Humans can recognize images in as little as 13 milliseconds

Our brain can distinguish between images of millions
of different objects in a fraction of a second

Completely different approach to classification (or learning in general) than most AI methods "Massive parallelism"

# Artificial Neural Networks

Also called: neural networks, connectionist systems, parallel distributed processing

Networks of simple processing units that are *abstract* models of neurons

The network does the computation, not so much the individual neurons

# Simple model

A model for a neuron (on board)

Several inputs a_0 .. n_n; each input is weighted (w_0 .. w_n); note "bias" term

Inputs are (perhaps) combined through an input function (e.g., sum)

The "activation function" produces output

output is (perhaps) sent to other units

# Common activation functions

Step function; sign function; sigmoid function (1/(1+e^-x))

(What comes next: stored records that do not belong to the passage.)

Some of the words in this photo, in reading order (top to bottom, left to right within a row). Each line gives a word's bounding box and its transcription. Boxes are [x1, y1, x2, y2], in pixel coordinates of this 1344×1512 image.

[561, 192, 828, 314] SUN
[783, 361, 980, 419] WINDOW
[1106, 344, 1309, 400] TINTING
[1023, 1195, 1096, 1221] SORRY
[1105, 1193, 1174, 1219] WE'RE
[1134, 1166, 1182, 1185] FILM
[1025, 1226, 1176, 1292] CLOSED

# Thresholds and the bias term

Remember from linear models:

y(x, w) = w_0 + w_1 * x_1 + ...

Consider the w_0 term (the "bias") as an adaptable threshold or weight on this neuron as a whole

# Neural Nets and Logic
McCulloch and Pitts, 1943, showed that whatever you can do with logic networks, you can do with networks of abstract neuron-like units.

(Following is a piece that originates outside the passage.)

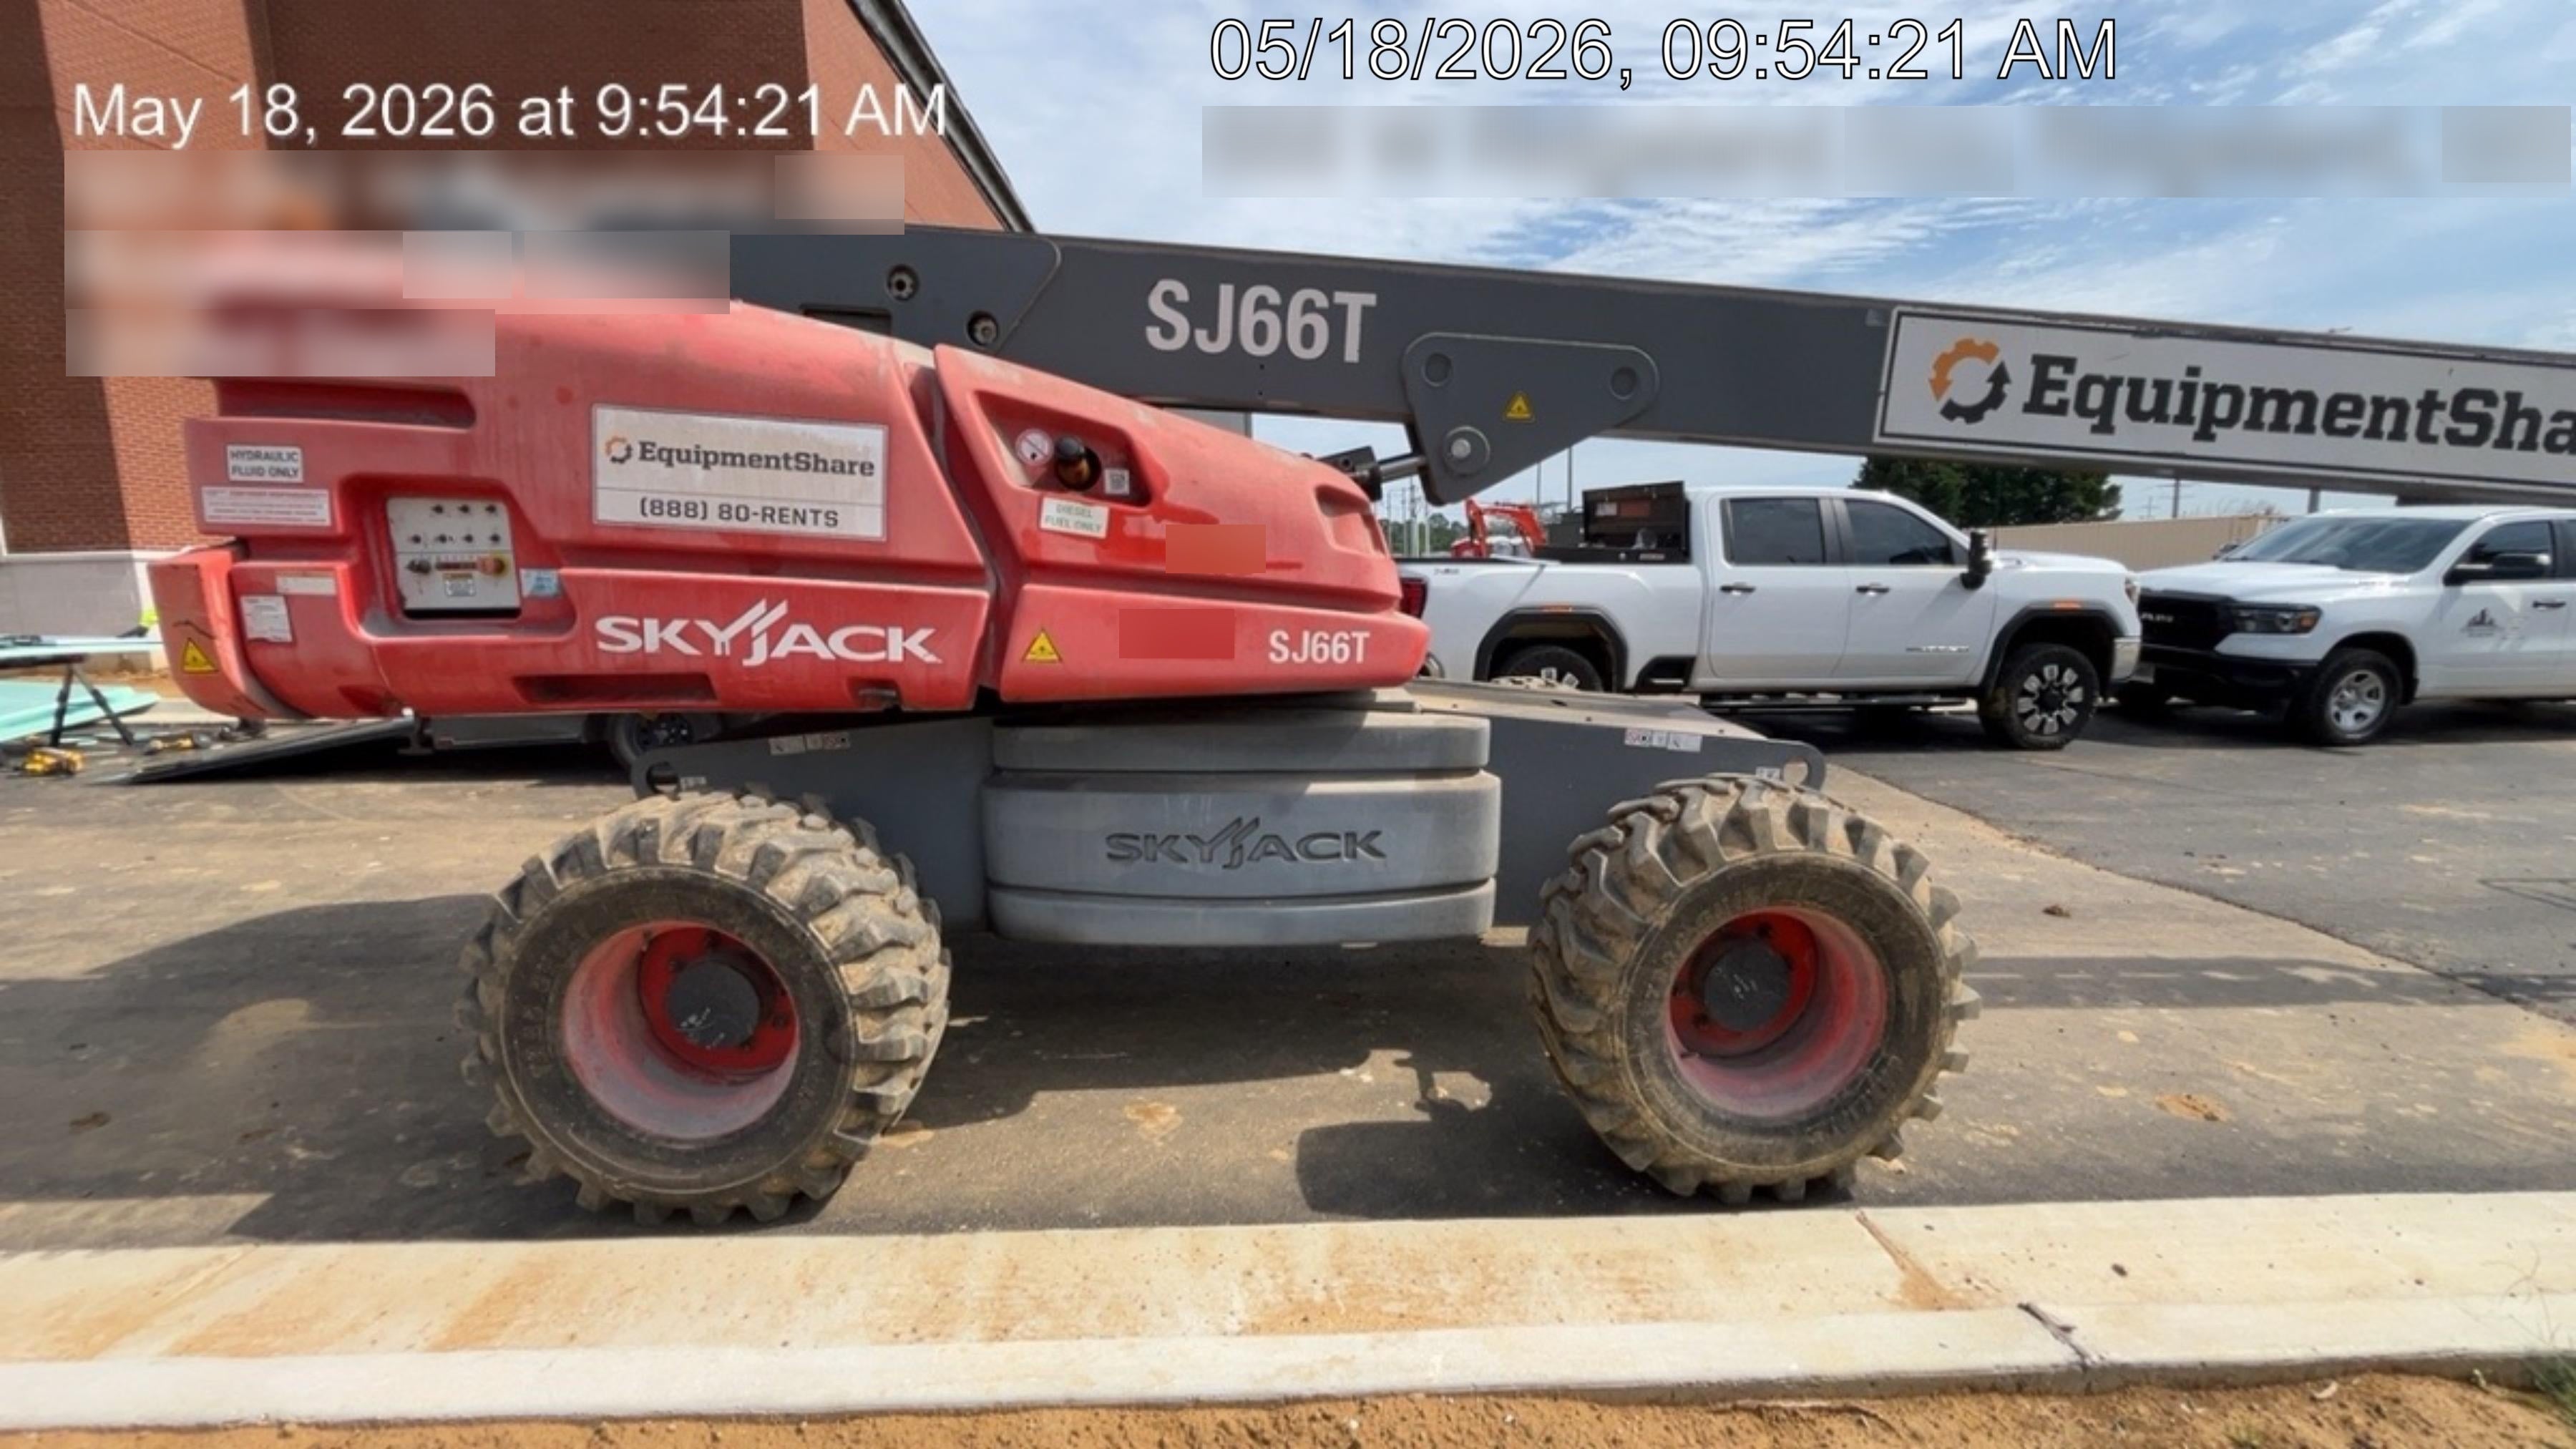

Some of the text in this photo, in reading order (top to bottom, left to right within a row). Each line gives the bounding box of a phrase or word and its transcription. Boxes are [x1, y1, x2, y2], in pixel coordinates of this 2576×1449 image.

With step activation function:

W=1
     threshold = 1.5     
W=1 

AND gate!

Q. OR gate? NOT gate? (W=1,1; t= 0.5; W=-1, t = -0.5)

# Types of NNs

Perceptron: Simplest, but least powerful

Multilayer Feed-forward: Most widely used

Recurrent: Most powerful, but hard to train

# Perceptron

One layer of nodes with step activation function

inputs: w_0; w_1 * x_1 ... w_n * x_n

output: y = step (w^T x)

# What can they represent?

Linearly separable functions

x1 AND x2 (on board)

Q.

x1 OR x2

x1 XOR x2

# Perceptron training

How do we set the weights?

If perceptron correctly classifies example do nothing.

If classifies example incorrectly, Move input weights "a little bit" in the right direction


wi = wi + a(t - o)x

t is target value; o is observed value; a is a small delta

Essentially, we're taking the derivative and using it to tune the network

This is basically gradient descent. (Note: if a is too big, we can "step over" a local maxima by accident!)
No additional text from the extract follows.